Cela parut le rassurer et il poursuivit, plus confiant.
« C'est bien ce que je pensais... Excusez ma... Voyez-vous, je suis en train de monter une petite affaire, un à-côté, vous comprenez ? Et je me disais que si vous ne gagnez pas beaucoup... Vous vendez des actions, n'est-ce pas, très cher ?
— J'essaie.
— Eh bien, ça pourrait vous intéresser. Cela ne vous prendrait pas beaucoup de temps et vous pourriez vous faire une jolie somme d'argent. Il se trouve que c'est une affaire du genre plutôt confidentiel. »
Je me rends compte aujourd'hui que, dans d'autres circonstances, cette conversation aurait pu marquer un tournant dans mon existence. Mais, dans la mesure où sa proposition visait ouvertement et brutalement à rétribuer le service que j'allais lui rendre, je n'avais pas d'autre choix que de la décliner.
« Je suis débordé, dis-je. Je vous suis très reconnaissant mais j'ai déjà assez de travail.
— Vous n'auriez absolument pas affaire à Wolfshiem. » De toute évidence, il pensait que je répugnais à lier tout « gondact » avec notre convive de ce matin, mais je l'assurai qu'il se trompait. Il attendit encore un peu dans l'espoir que je relance la conversation, mais j'étais trop absorbé pour me montrer réceptif et il rentra chez lui comme à regret.
La soirée que j'avais passée m'avait exalté et réjoui; j'ai dû plonger dans un profond sommeil sitôt ma porte franchie. J'ignore du coup si Gatsby s'est ou non rendu à Coney Island, ou s'il a passé des heures à « inspecter ses chambres » tandis que sa maison continuait de jeter mille feux. Je téléphonai à Daisy du bureau le lendemain matin et l'invitai à venir prendre le thé.
« Ne viens pas avec Tom, précisai-je.
— Pardon?
— Ne viens pas avec Tom.
— Qui est Tom ? » demanda-t-elle d'un air innocent.
Le jour convenu, il pleuvait à verse. À onze heures du matin, un homme en imperméable, remorquant une tondeuse, frappa à ma porte et me dit que Mr. Gatsby l'envoyait tondre ma pelouse. Je me rappelai que j'avais oublié de dire à ma Finlandaise de revenir et je partis la chercher en voiture à travers les chemins détrempés et délavés de West Egg Village, où j'achetai aussi quelques tasses, des citrons et des fleurs.

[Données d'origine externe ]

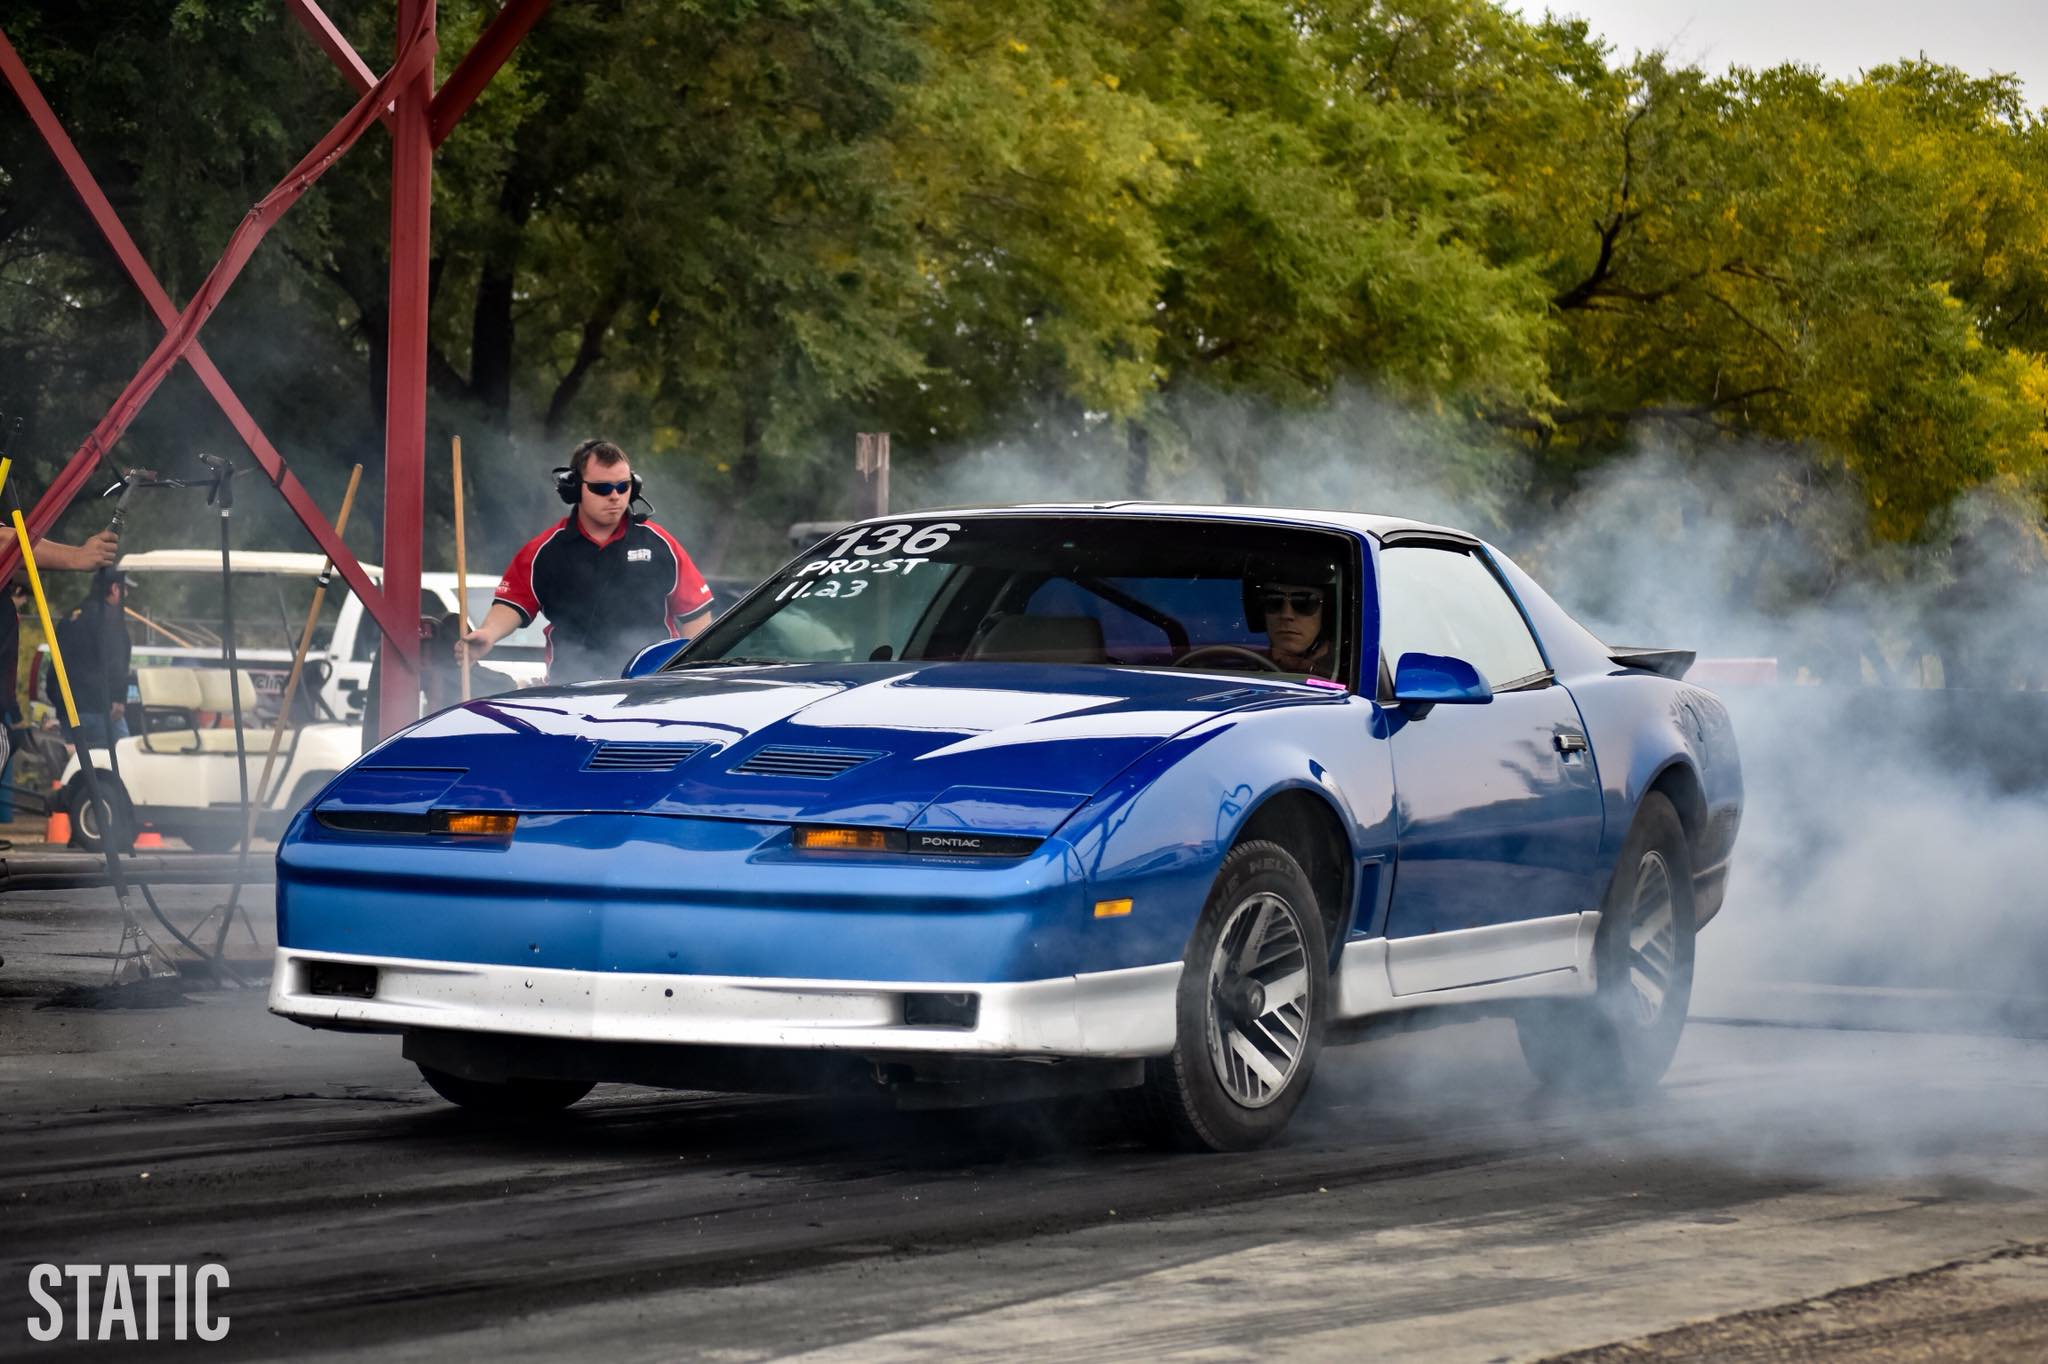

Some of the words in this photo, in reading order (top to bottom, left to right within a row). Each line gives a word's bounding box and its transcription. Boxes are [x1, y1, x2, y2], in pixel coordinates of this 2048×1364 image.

[829, 523, 961, 558] 136
[775, 580, 869, 601] 11.23
[922, 837, 980, 848] PONTIAC

Ces dernières s'avérèrent superflues, car, à deux heures, Gatsby me fit livrer autant de bouquets qu'en pouvait contenir une serre, ainsi que d'innombrables vases. Une heure plus tard, ma porte d'entrée s'ouvrit nerveusement et Gatsby, vêtu d'un costume de flanelle blanche, d'une chemise gris argent et d'une cravate mordorée, fit irruption. Il était tout pâle et de sombres cernes sous ses yeux trahissaient son manque de sommeil.

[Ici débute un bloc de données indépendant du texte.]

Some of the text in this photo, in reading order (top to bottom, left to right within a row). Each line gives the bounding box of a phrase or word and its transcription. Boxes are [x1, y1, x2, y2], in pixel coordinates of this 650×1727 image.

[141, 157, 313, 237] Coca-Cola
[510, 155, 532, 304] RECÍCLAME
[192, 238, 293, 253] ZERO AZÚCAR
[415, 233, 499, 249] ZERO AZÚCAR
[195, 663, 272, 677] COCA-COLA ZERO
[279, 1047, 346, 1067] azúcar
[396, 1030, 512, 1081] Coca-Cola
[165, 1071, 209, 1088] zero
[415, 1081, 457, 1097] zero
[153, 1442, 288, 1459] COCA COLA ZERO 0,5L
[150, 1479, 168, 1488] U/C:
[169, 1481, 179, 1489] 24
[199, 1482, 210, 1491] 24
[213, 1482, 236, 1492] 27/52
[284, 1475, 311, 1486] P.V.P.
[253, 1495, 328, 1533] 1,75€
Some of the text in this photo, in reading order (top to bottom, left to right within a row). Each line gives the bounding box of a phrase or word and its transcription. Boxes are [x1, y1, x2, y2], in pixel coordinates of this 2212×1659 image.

« Tout est en ordre? demanda-t-il aussitôt.
— La pelouse a fière allure, si c'est à ça que vous pensez.
— Quelle pelouse? s'enquit-il d'un air absent. Oh, la pelouse du jardin. » Il lui jeta un coup d'œil par la fenêtre, mais, à en juger par son expression, je ne crois pas qu'il était capable de voir quoi que ce soit.
« M'a l'air parfait, dit-il vaguement. Dans un de ces journaux, ils disent que la pluie devrait s'arrêter vers quatre heures. Je crois que c'était dans The Journal. Est-ce que vous avez tout ce qu'il faut en matière de... de thé ? »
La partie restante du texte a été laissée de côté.